Monitored from the media by the
Division for Palestinian Rights

1 July More than 200 Palestinian men, women, and children demonstrated in the West Bank city of Ramallah calling for the release of more than 6,000 Palestinian prisoners held by the Israeli authorities. The demonstrators demanded that the Palestinian Authority put pressure on Israel to meet its commitment under the PLO-Israel peace agreements. (AFP)

2 July European Union officials complained that food aid sent and stamped with the EU insignia were found for sale in Israeli grocery shops in Tel-Aviv. The products were channeled by the United Nations Relief and Works Agency for Palestine Refugees in the Near East (UNRWA) to the Palestinian self-rule areas crossing Israeli army checkpoints. The EU representative in Jerusalem, Jeff Healy, suggested halting aid shipments to the Palestinian territories and giving food stamps instead. The issue was put before the Israeli and the Palestinian authorities for investigation. (AFP)

3 July The EU agreed to grant the Palestinian Authority a $36 million loan to assist the latter in improving the water and sewage services in the Gaza Strip. (AFP)

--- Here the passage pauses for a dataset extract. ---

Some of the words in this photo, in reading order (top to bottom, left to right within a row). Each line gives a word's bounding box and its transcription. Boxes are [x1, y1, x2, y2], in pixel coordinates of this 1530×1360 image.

4 July Israeli security forces detained a Palestinian policeman from the Gaza Strip who was suspected of being involved in armed attacks against Israel before the 1993 PLO-Israeli agreement. Major-General Abdel-Razaq al-majaydeh, director of the Palestinian security forces in Gaza, condemned the arrest and called it a violation of the Israeli-Palestinian agreement. (Reuter)

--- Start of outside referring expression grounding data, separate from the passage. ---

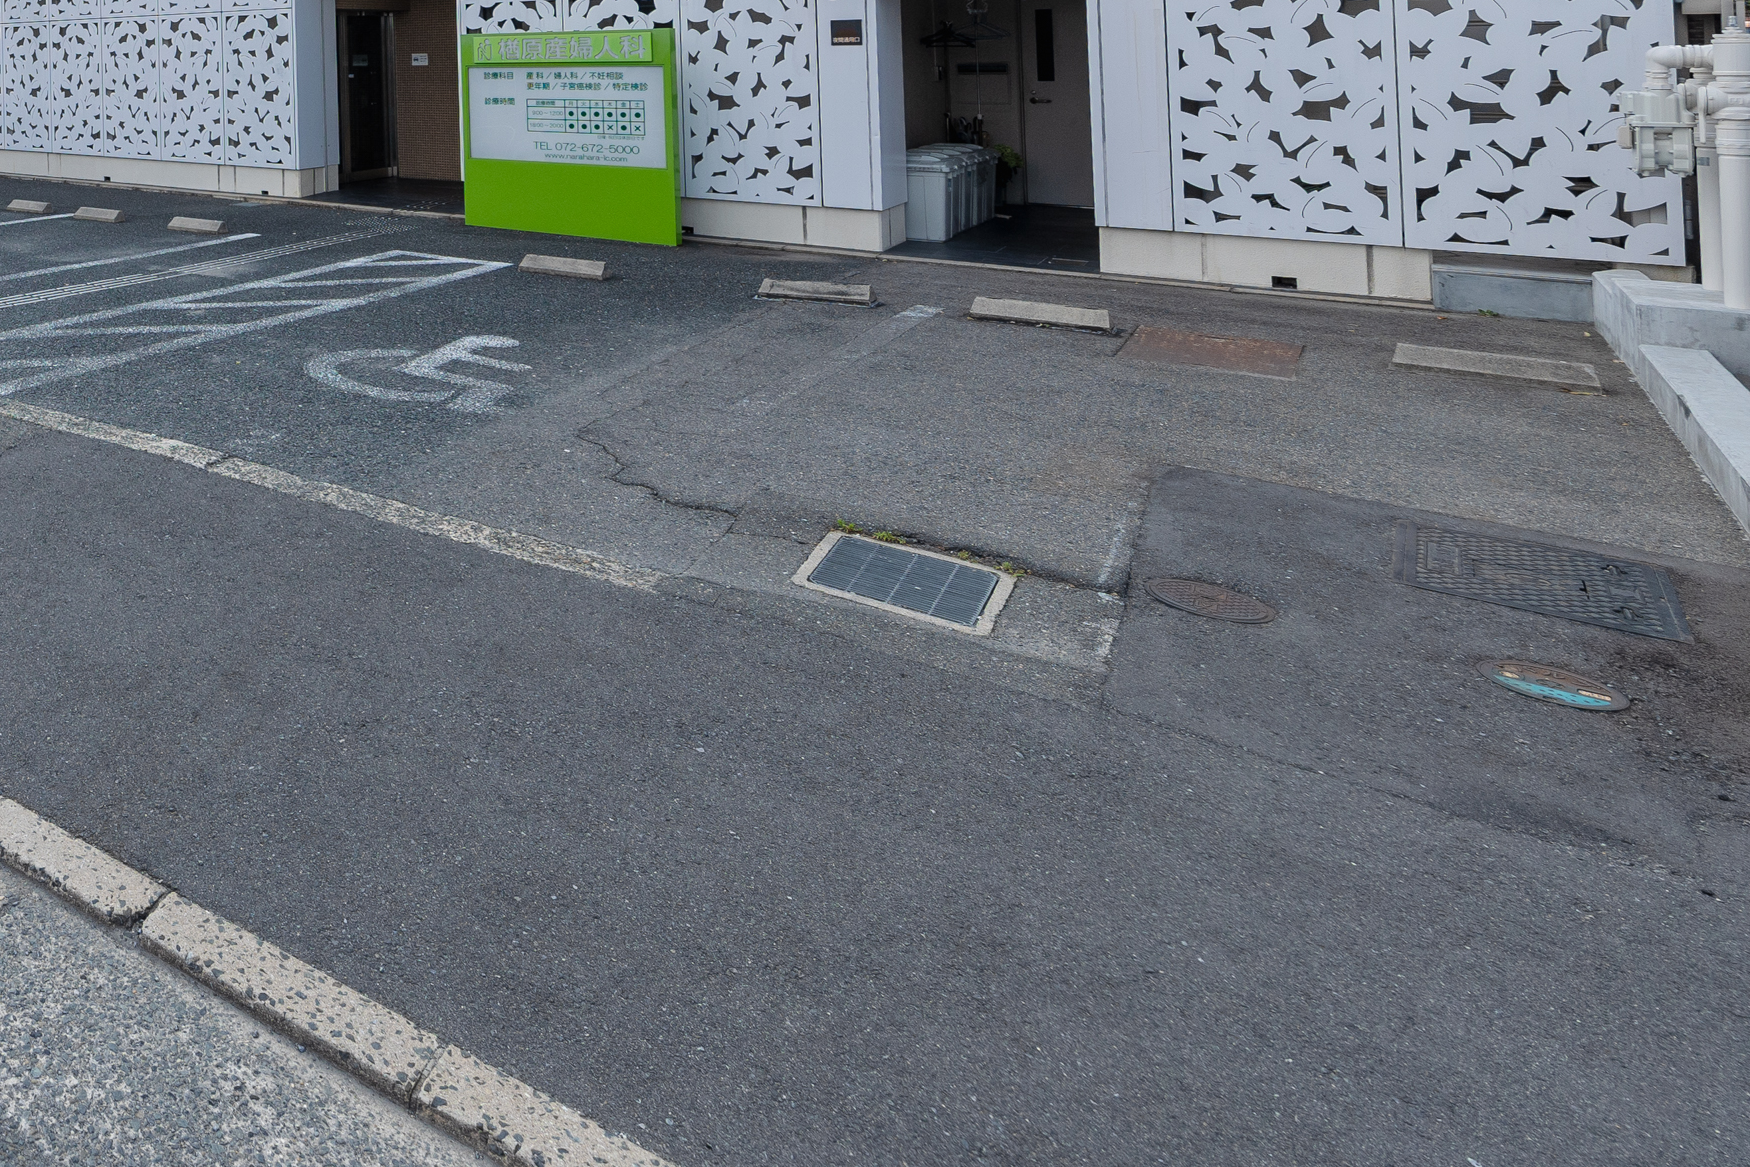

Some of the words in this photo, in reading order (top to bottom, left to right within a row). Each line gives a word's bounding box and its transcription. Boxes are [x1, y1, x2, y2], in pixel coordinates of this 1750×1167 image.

[498, 34, 647, 61] 楢原産婦人科
[483, 71, 514, 80] 診療科目
[484, 97, 516, 106] 診療時間
[533, 141, 553, 151] TEL
[555, 142, 640, 155] 072-672-5000

5 July Palestinian youths clashed with an Israeli army patrol in the West Bank city of Hebron protesting the delay in the withdrawal of Israeli troops from the city and Israel's closure of the Palestinian self-rule areas. A nine-year-old Palestinian boy was arrested and an Israeli soldier was injured during the clash. (AFP)

6 July The President of the Palestinian Authority Yasser Arafat met with King Hussein of Jordan in the Red Sea Port of Aqaba and discussed the latest developments in the Middle East peace process. Both leaders explored means to speed implementation of agreements signed between the Palestinian Authority and Israel, mainly Israel's withdrawal from Hebron. (AFP)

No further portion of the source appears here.